The Harvard Law School Forum on Corporate Governance recently published an article, Proposed SEC Cyber Rules: A Game Changer for Public Companies, that outlines how new SEC rules could require an in-depth understanding of the potential liabilities related to cyber risk for public companies. This would have a major impact on how organizations measure and discuss infosecurity risk.
The SEC issued a guidance statement on cybersecurity disclosures on cyber risk in 2018 and clarified it with some enforcement actions since. The statement is a detailed warning to public companies to shape up their cyber risk assessment, reporting, and management programs. Some critics considered these guidelines somewhat vague and not nearly prescriptive enough.
Adam Lamantia is an Account Executive for RiskLens
The new proposed rules “appreciably increase corporate accountability on cyber risk from the boardroom on down,” the Harvard Law authors write. The rules would require public companies to report material cyber incidents within four days of discovering the event. This requires organizations to get a firm grasp on materiality in the context of their own business.
Defining Material Risk
What constitutes materiality? It’s more than just equity risk. It’s other financial costs, fines, penalties, and litigation costs, to name a few. Calculating projected cyber risk is not a widespread practice currently, even though estimating potential liability is quite common in other industries, such as banking and manufacturing. When organizations do calculate cyber risk exposure today for their top risks, it is not comprehensively measured and defined. Definitions are in broad categories like Data Breach, the Cloud, etc. and often expressed in non-financial, high/medium/low terms.
“This new provision will not only require companies to understand materiality in the context of a breach, but it will have the effect of challenging boards and management teams to understand materiality in financial terms before breaches occur,” the Harvard authors write.
Meeting the obligations of the proposed rules change would require organizations to gain an ongoing financial understanding of their top cyber risks.
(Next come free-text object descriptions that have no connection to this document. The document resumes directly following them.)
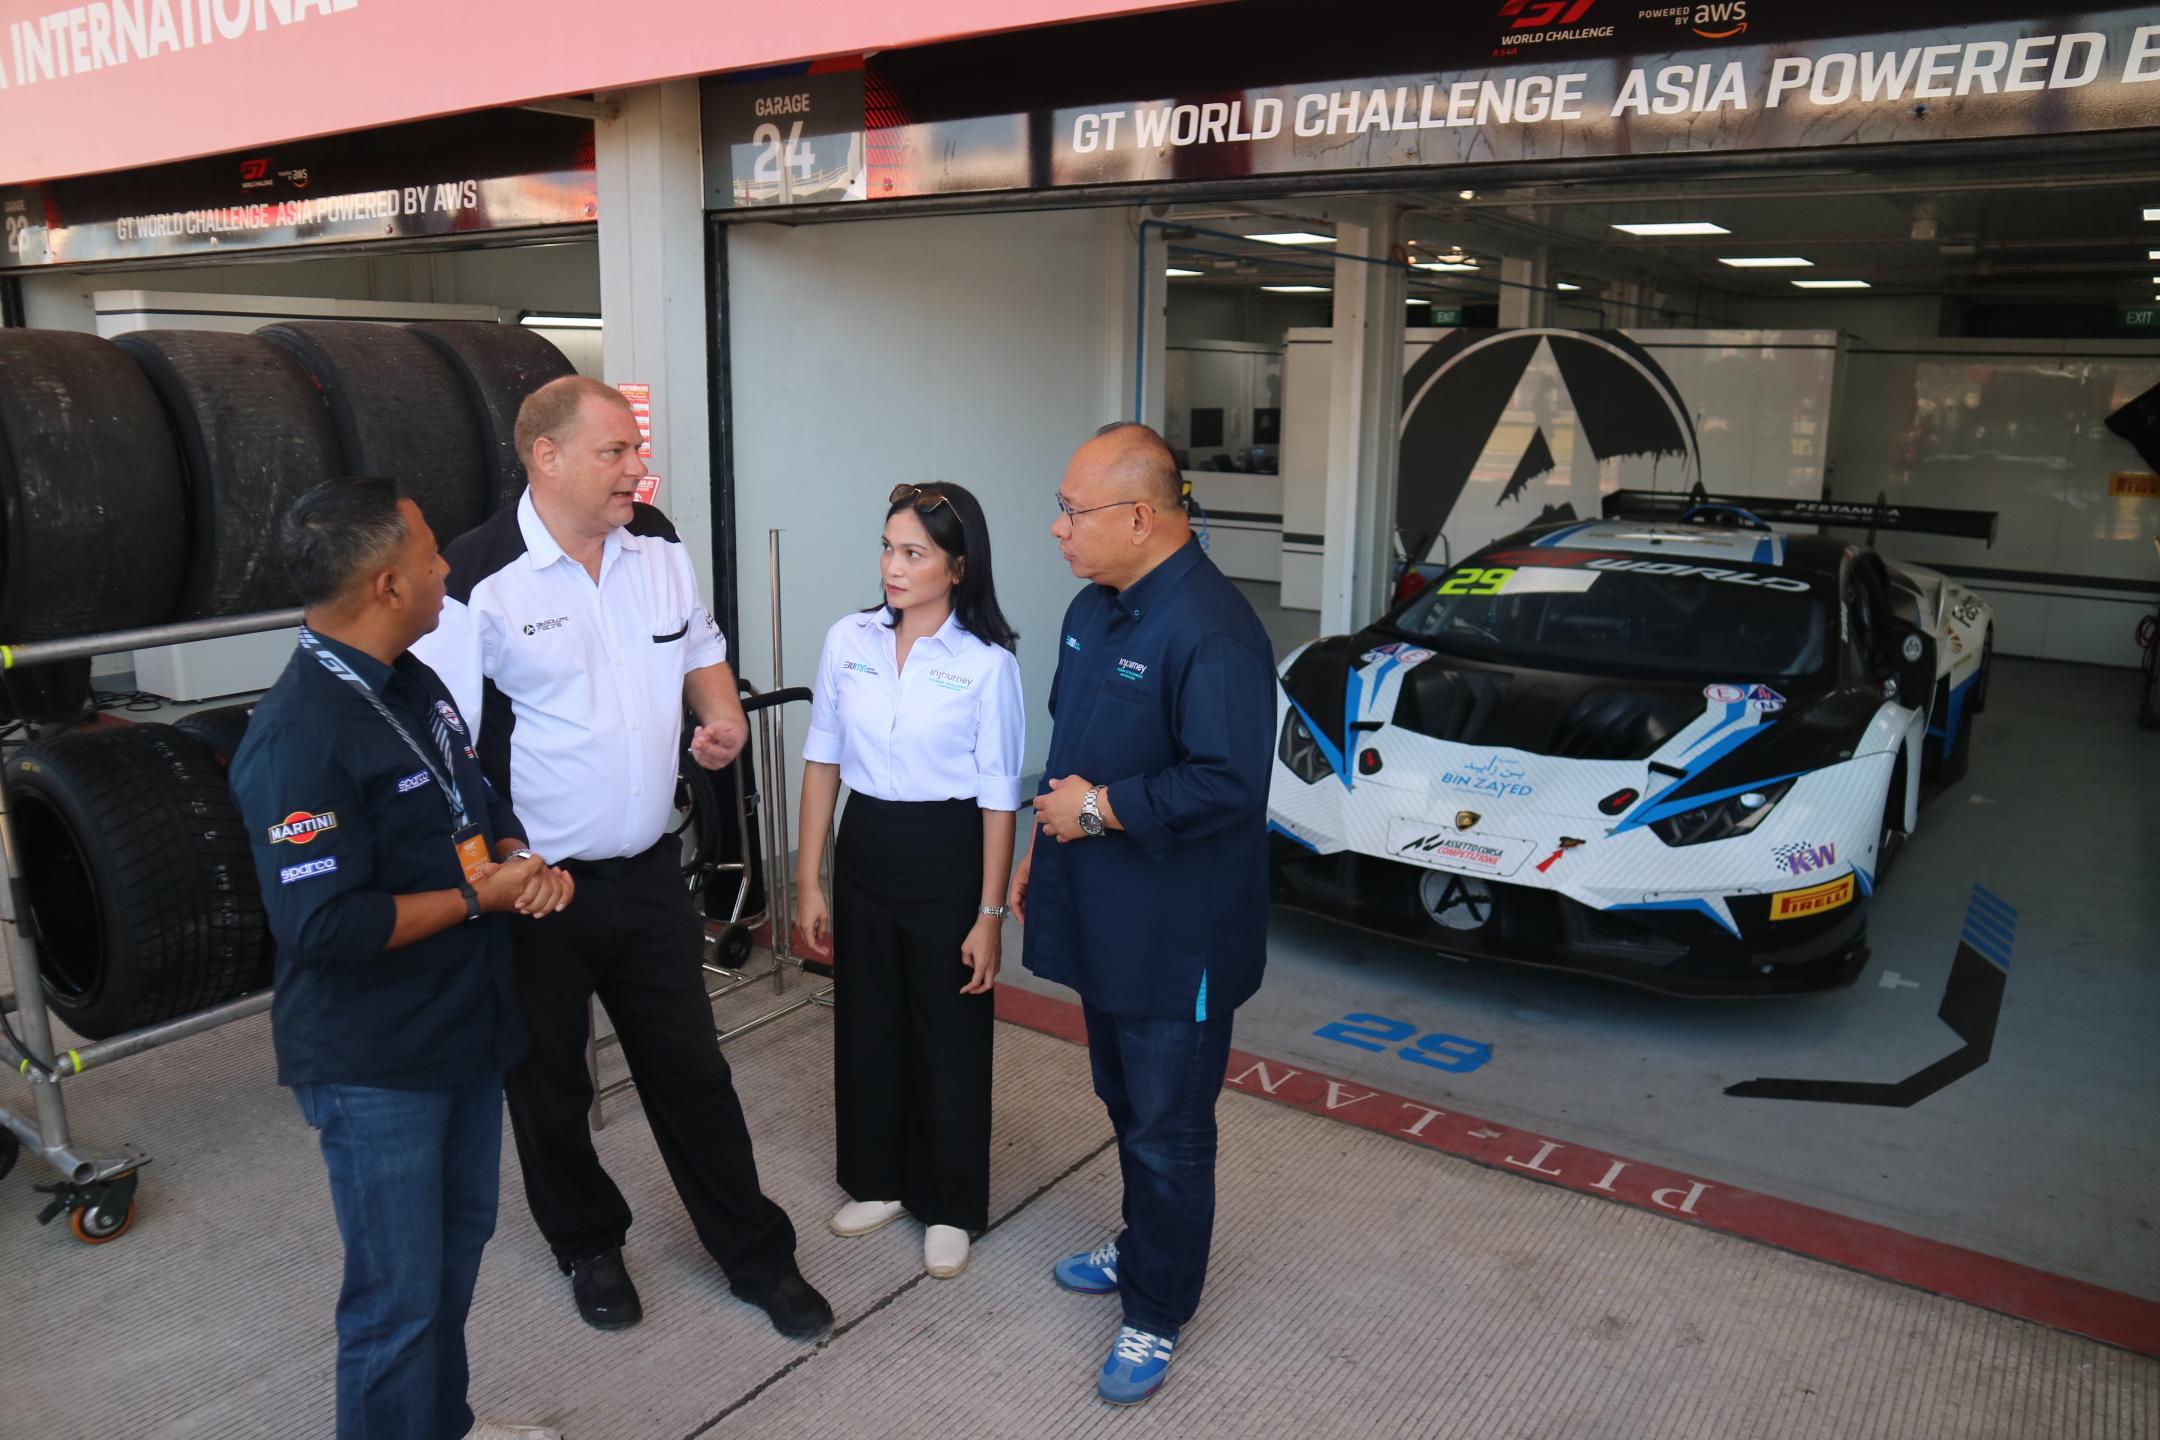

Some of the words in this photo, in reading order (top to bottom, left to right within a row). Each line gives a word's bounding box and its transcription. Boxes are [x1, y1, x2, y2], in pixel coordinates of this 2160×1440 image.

[1639, 6, 1690, 19] POWERED
[1675, 16, 1689, 25] BY
[1694, 1, 1746, 24] aws
[1501, 32, 1545, 46] WORLD
[1546, 26, 1615, 41] CHALLENGE
[755, 93, 811, 117] GARAGE
[1072, 111, 1125, 154] GT
[1134, 98, 1283, 149] WORLD
[1294, 73, 1587, 137] CHALLENGE
[1610, 61, 1748, 116] ASIA
[1765, 32, 2107, 108] POWERED
[752, 120, 816, 181] 24
[117, 217, 135, 240] GT
[135, 211, 184, 239] WORLD
[185, 203, 270, 235] CHALLENGE
[276, 198, 313, 226] ASIA
[317, 189, 400, 224] POWERED
[404, 185, 430, 215] BY
[433, 179, 478, 212] AWS
[2126, 311, 2154, 324] EXIT
[1795, 502, 1901, 517] PERTAMIA
[1436, 567, 1518, 595] 29
[1584, 557, 1811, 593] WORLD
[398, 771, 429, 792] sparco
[1441, 772, 1472, 785] BIN
[1473, 777, 1533, 799] ZAYED
[271, 814, 334, 841] MARTINI
[1437, 847, 1500, 865] COMPETIZIONE
[1443, 840, 1478, 852] ASSETTO
[1477, 845, 1504, 857] CORSA
[1788, 842, 1836, 876] KW
[280, 858, 337, 884] sparco
[1780, 881, 1850, 914] PIRELLI
[1311, 1013, 1496, 1074] 29
With cyber risk quantification, public companies can conclusively determine if any risk is material and therefore must be reported to the SEC.
The board of the FAIR Institute has called on the SEC to direct public companies to proactively disclose top cyber risks in financial terms.
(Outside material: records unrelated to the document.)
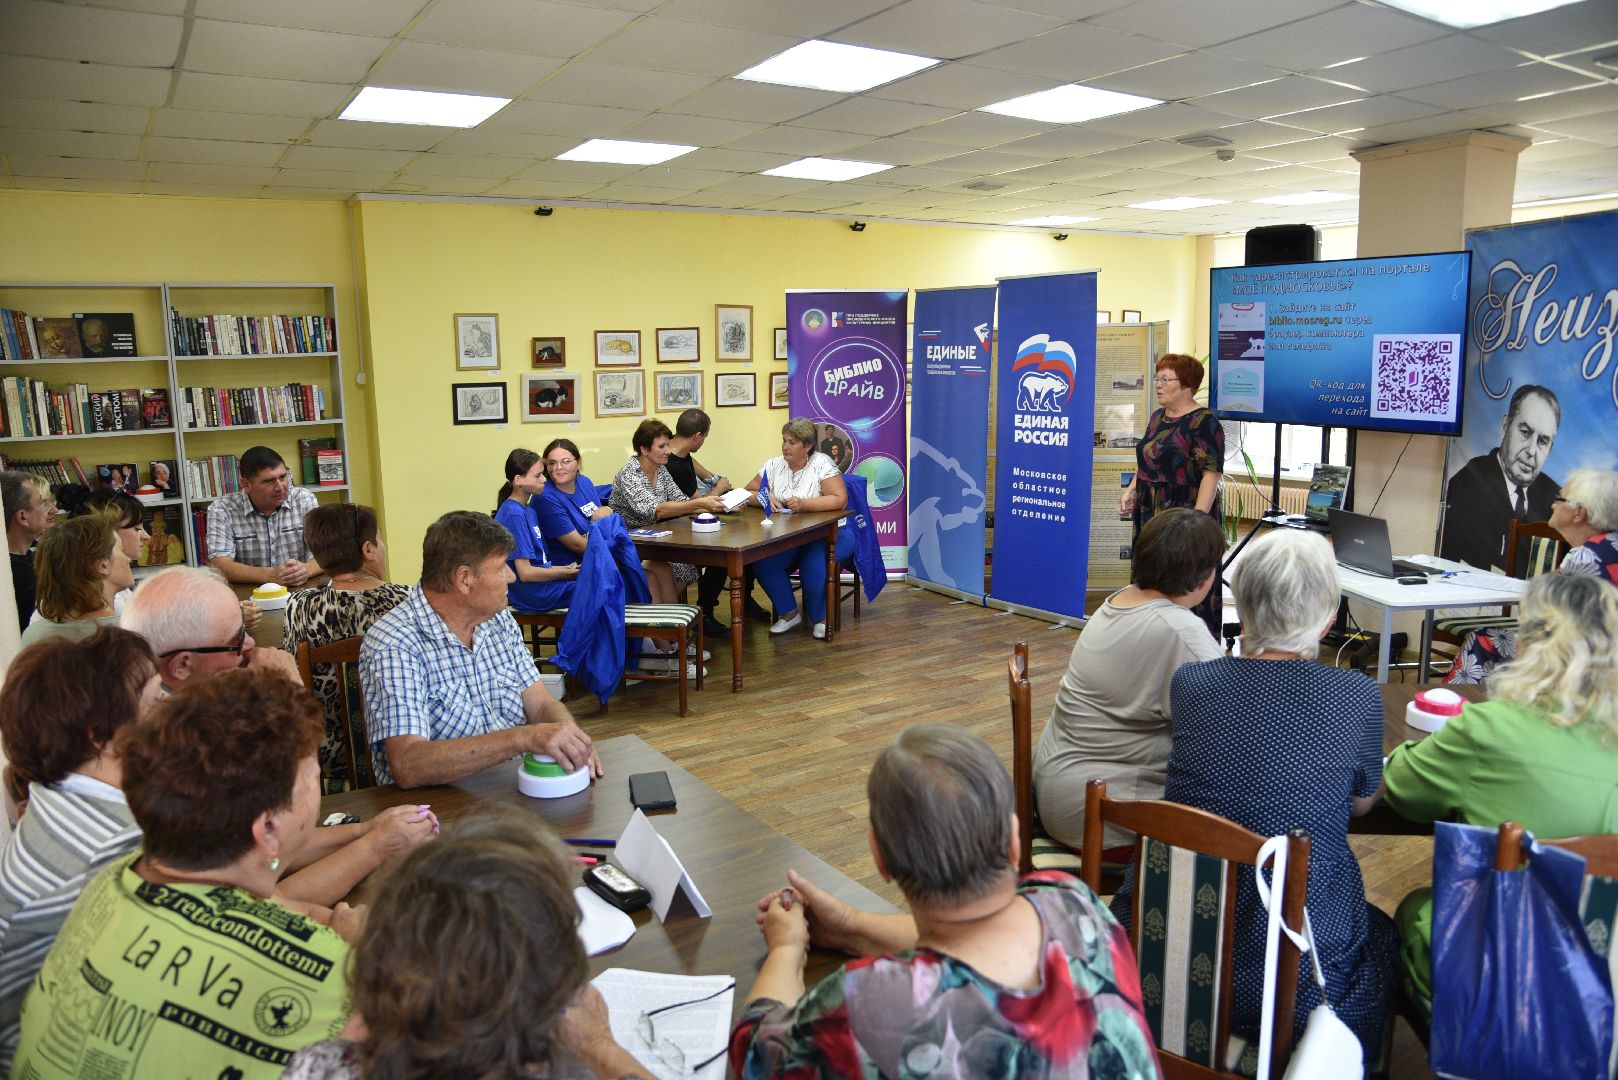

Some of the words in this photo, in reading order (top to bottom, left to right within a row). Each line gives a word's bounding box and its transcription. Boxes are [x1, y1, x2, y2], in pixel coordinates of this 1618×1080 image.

[1361, 266, 1375, 276] на
[1380, 263, 1430, 275] портале
[1334, 301, 1357, 312] сайт
[926, 345, 977, 362] ЕДИНЫЕ
[823, 358, 883, 384] БИБЛИО
[824, 379, 885, 400] ДРАЙВ
[1309, 379, 1345, 391] QR-код
[1346, 382, 1367, 391] для
[1318, 393, 1366, 404] перехода
[91, 392, 104, 431] РУССКИЙ
[112, 392, 123, 430] КОСТЮМ
[1331, 408, 1344, 416] на
[1345, 406, 1369, 417] сайт
[1014, 414, 1069, 430] ЕДИНАЯ
[1014, 429, 1069, 447] РОССИЯ
[1013, 467, 1067, 482] Московское
[1012, 481, 1067, 496] областное
[1012, 495, 1066, 509] региональное
[1011, 508, 1066, 523] отделение
[160, 946, 193, 987] R
Further, with a quantified approach, businesses can gain visibility into how cyber risk could impact their business operations. As the Harvard article details, there was a cyber incident at Toyota recently that resulted in shutting down part of their operations. The attack didn't directly cause the outage, but the lack of understanding regarding how cyber risk impacted business operations forced Toyota to shut down to control the impact.
In situations like this, it's important to have a financial understanding of probable cyber incidents so a company can compare likely cost to their thresholds of materiality. A $100b company could absorb the costs of a $1m incident. A $100m event would be another story. This requires detailed understanding of the top risks within the context of the business.
Necessity of Risk Quantification
Essentially, the SEC is requiring companies to run an ongoing cyber risk quantification program. How else would they be ready to report a material impact in four days? If these rules went effect tomorrow, the result would be like a board member suddenly asking for risk to be reported in financial terms in time for an upcoming quarterly meeting. After a desperate scramble to comply, many teams’ answers would ultimately be "No, we can't do that". It is one thing to fail to deliver to the board, another thing entirely when the SEC is involved after a breach.
Many innovative cyber risk leaders have already made the move from qualitative to quantitative risk assessments with Factor Analysis of Information Risk (FAIR™), the international standard for quantifying cyber and technology risk in financial terms.
Advance your career in risk or security.
The adoption of FAIR-based programs helps public companies make risk-informed decisions, optimize their cybersecurity investments and, most pertinent to the proposed rules change, address regulatory and privacy requirements.
By defining specific loss events on mission-critical systems and business processes and helping companies measure their liabilities (impact on productivity, exposure to fines/judgments, etc.) FAIR programs enable organizations to calculate their material risk for a variety of scenarios.
As the authors of the Harvard article say, “The writing on the wall is clear. Significant regulatory change to cyber risk is inevitable as the SEC begins to finalize these rules. These changes however aren’t anything that a high-performing corporate board and management team can’t, or more accurately, shouldn’t already be doing.”